Mud, mud, mud. That's all I've been hearing about lately. Friends are going to mud baths at very expensive spas, and beauty counters are filled with mud soaps, mud masks, mud creams. Mud is supposed to cure everything from psoriasis to acne. What is this mud craze all about? Are there health benefits to some of these products?
Mud certainly is all the rage these days. Without reading the actual ingredients on the mud-based beauty products you mentioned -- the masks and creams -- I can't even begin to tell you if they work. I'm sure they feel good when you put them on, and I imagine the results are in the eye of the beholder. I can tell you that cosmetic mud products usually contain clays, minerals, and an astringent, such as alcohol -- all of these absorb oils from the skin, so people with dry skin should probably avoid mud masks.

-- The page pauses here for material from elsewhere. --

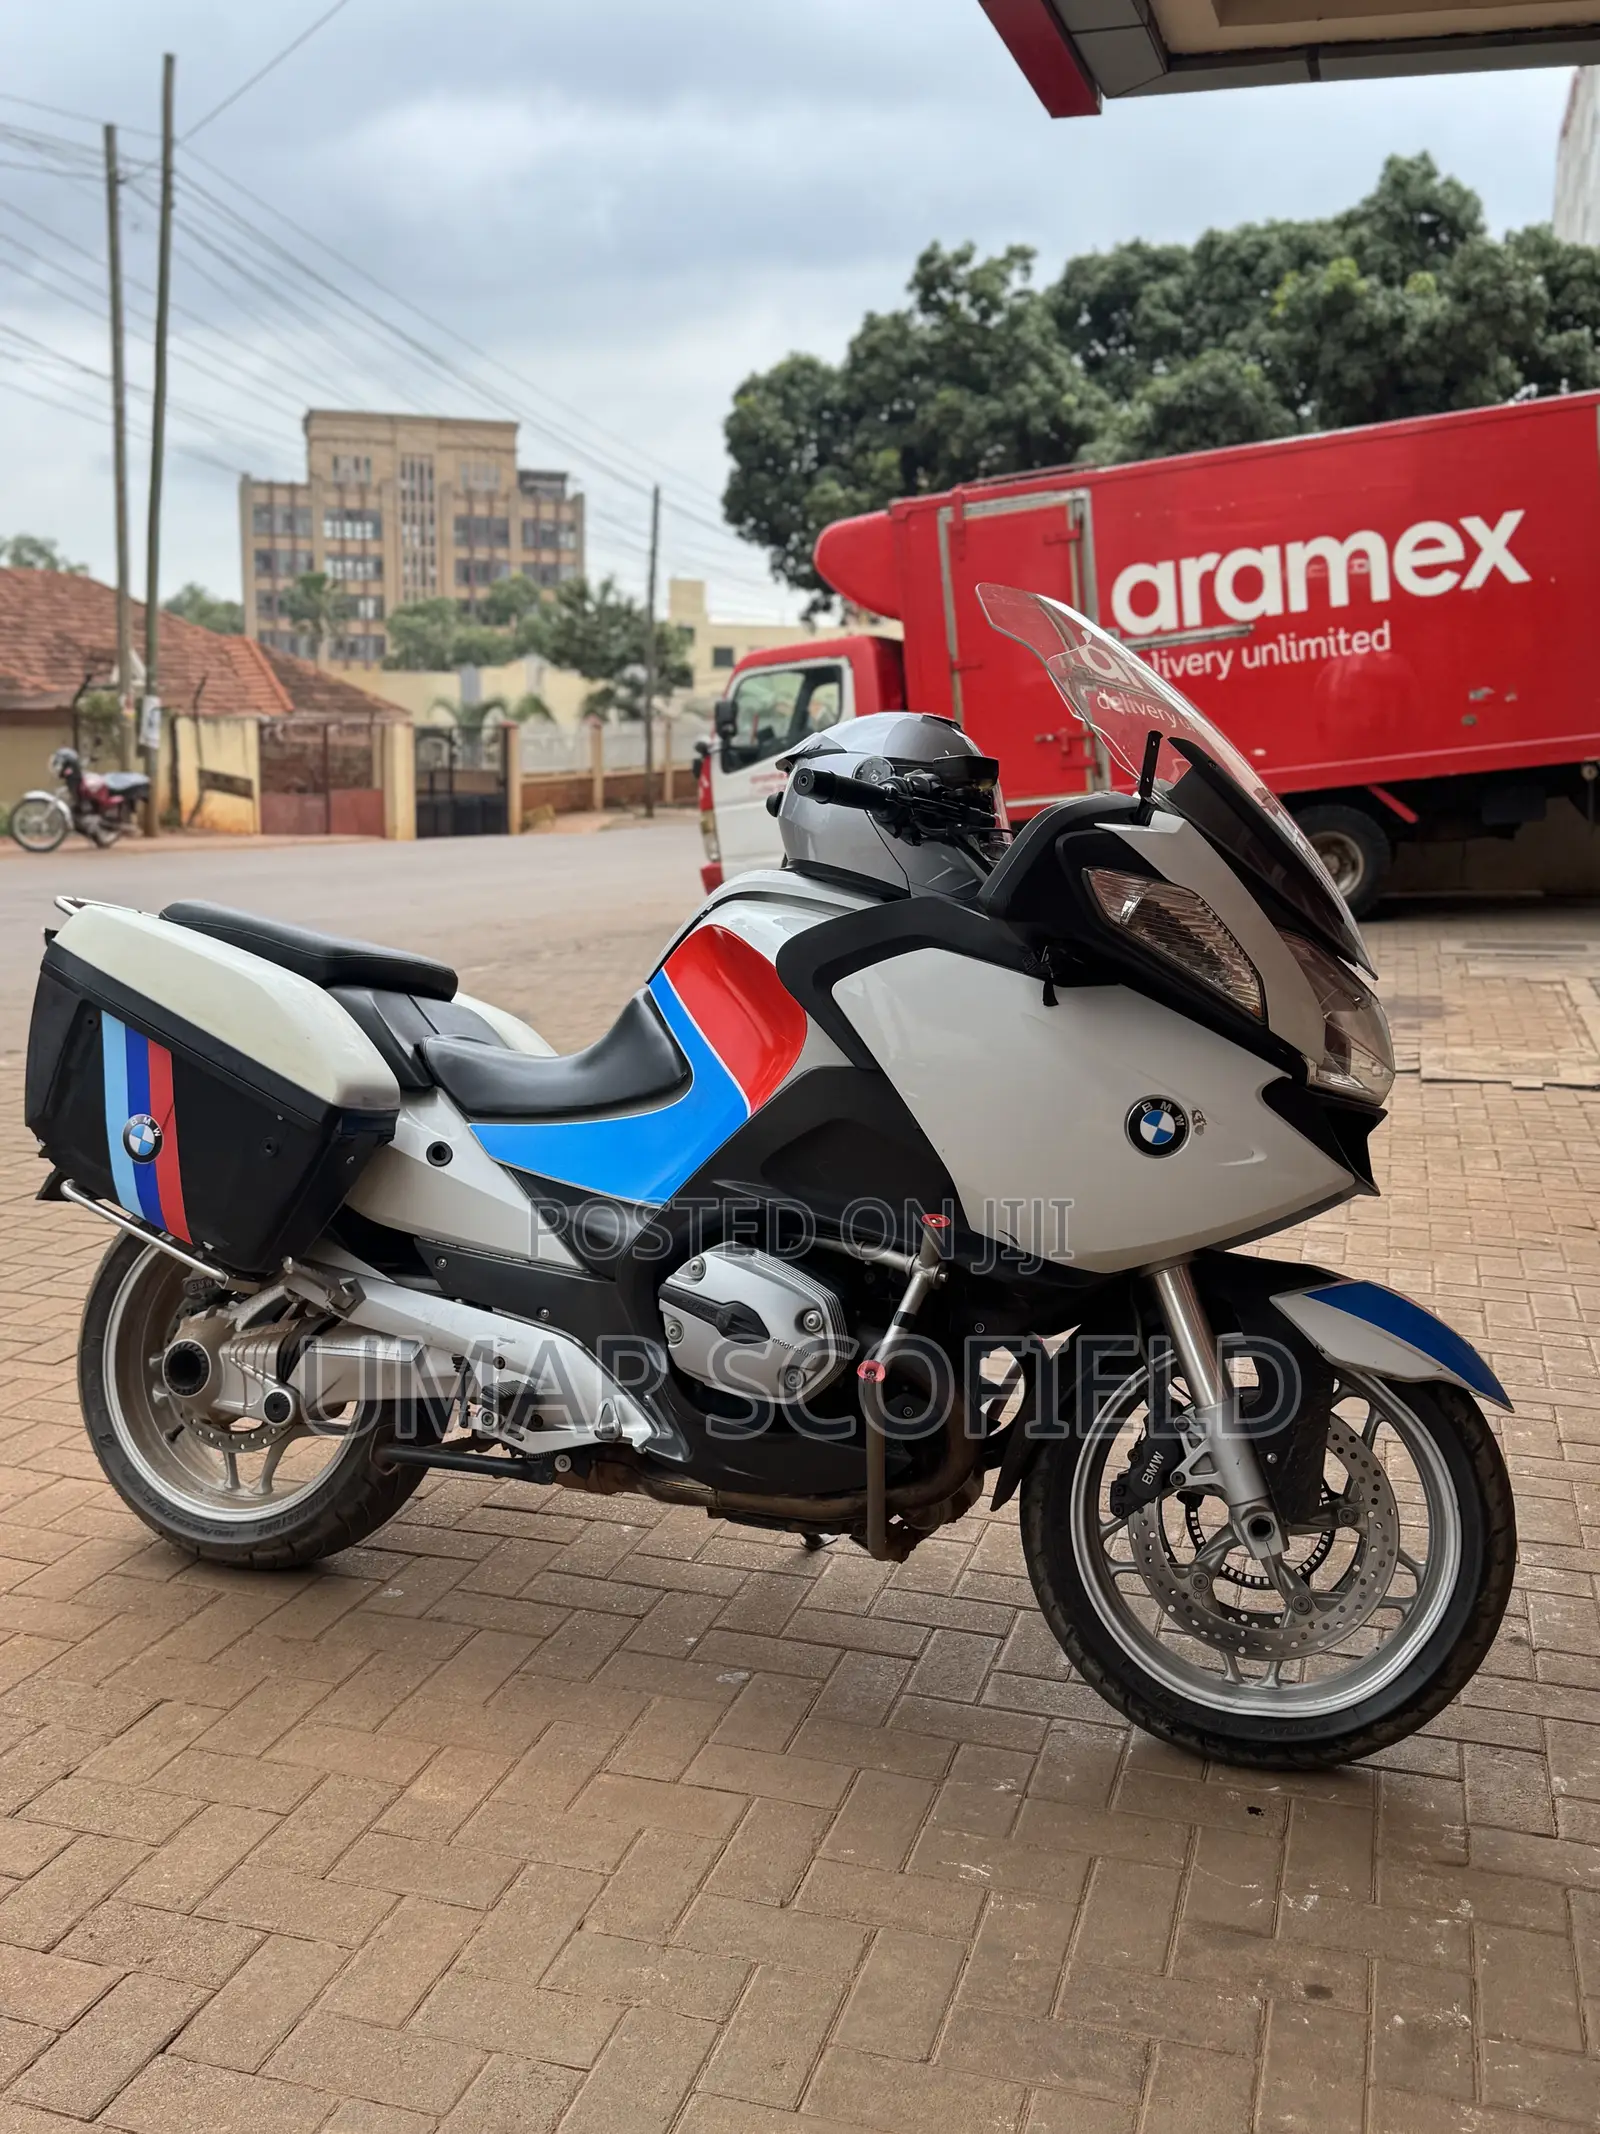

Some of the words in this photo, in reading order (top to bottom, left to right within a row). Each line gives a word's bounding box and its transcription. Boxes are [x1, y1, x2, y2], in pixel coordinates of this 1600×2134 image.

Many mud products claim to draw impurities out of the skin -- I know of no research that confirms this, but other medicinal effects have some scientific foundation. There is a long tradition of using mud and clay to heal skin problems. Mud can help take the pain out of burns and bee stings (bears roll around in it when they're stung), and when wet clay dries on the skin, it can draw out heat and reduce inflammation. The mud from the Dead Sea in Israel is reputed to have therapeutic effects for diseases like psoriasis. People travel there from all over the world for the mud baths.

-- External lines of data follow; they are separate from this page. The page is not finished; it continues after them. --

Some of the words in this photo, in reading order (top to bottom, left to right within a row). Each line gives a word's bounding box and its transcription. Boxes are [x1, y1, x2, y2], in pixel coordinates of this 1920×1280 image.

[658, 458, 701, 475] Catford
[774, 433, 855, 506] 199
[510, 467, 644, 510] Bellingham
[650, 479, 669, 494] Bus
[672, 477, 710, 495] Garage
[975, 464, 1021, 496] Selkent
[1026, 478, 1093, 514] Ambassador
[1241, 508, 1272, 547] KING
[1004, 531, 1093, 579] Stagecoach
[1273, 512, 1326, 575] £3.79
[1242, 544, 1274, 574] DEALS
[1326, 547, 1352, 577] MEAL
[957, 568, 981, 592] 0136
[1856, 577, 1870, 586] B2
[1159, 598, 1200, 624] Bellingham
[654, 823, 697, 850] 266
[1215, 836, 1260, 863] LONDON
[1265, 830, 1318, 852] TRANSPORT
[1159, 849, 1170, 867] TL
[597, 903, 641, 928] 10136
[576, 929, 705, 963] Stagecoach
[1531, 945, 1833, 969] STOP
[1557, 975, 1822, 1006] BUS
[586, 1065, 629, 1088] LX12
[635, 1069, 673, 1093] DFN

Research on the therapeutic properties of mud has been much more intense in Europe (particularly in Russia) than in the United States. For example, a 1998 Italian study reported that the application of thermal mud -- as opposed to cosmetic mud -- promotes long-lasting beneficial effects for people with dry and seborrheic (flaking) skin. In 1999, another Italian study reported that the unlikely combination of mud packs and antidepressants helped fibromyalgia patients both physiologically and psychologically. (Don't try this at home yet -- the researchers called for larger studies to confirm their findings.) And in Israel, medical researchers at Ben-Gurion University found that rheumatoid arthritis patients who were treated with daily mud packs, daily hot sulphur baths, and a combination of the two, improved significantly compared to those who didn't receive any of these treatments. (And the effects lasted for up to three months.)
I do have a caveat to offer on the subject of mud baths. I once took a mud bath at a spa in Calistoga, California, and noticed that quite a number of people got in and out of the mud before it was changed. You could pick up a skin disease this way. Some of the bugs responsible, such as psuedomonas, survive in high temperatures. For this reason, I am cautious about recommending mud baths. For home use, however, it seems perfectly safe to buy products containing mud.